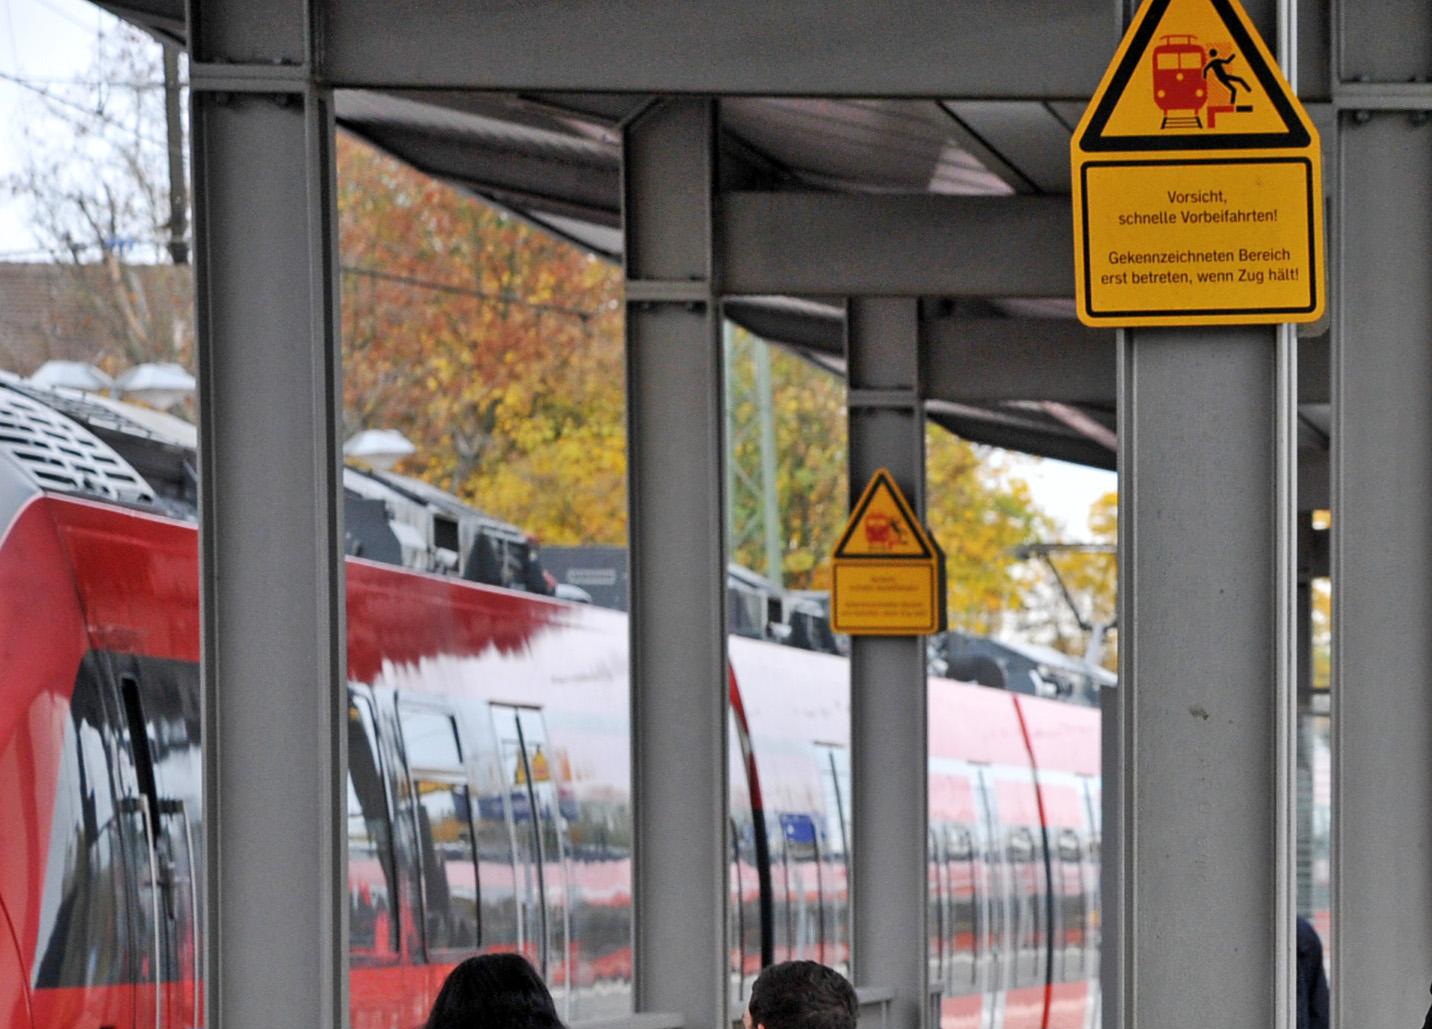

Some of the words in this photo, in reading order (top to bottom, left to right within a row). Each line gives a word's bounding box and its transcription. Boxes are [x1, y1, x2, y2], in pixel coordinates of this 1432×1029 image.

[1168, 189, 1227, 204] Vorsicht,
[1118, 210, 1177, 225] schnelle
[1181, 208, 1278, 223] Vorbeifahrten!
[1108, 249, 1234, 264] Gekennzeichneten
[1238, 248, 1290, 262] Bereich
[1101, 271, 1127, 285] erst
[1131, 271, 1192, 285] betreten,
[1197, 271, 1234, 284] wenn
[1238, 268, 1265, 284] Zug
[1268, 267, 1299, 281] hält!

________

▶ WHAT TO DO: Reproduce all the material exactly, omitting images.

▶ THE COMPLETED TASK:
Some of the words in this photo, in reading order (top to bottom, left to right within a row). Each line gives a word's bounding box and its transcription. Boxes are [x1, y1, x2, y2], in pixel coordinates of this 1432×1029 image.

[1168, 189, 1227, 204] Vorsicht,
[1118, 210, 1177, 225] schnelle
[1181, 208, 1278, 223] Vorbeifahrten!
[1108, 249, 1234, 264] Gekennzeichneten
[1238, 248, 1290, 262] Bereich
[1101, 271, 1127, 285] erst
[1131, 271, 1192, 285] betreten,
[1197, 271, 1234, 284] wenn
[1238, 268, 1265, 284] Zug
[1268, 267, 1299, 281] hält!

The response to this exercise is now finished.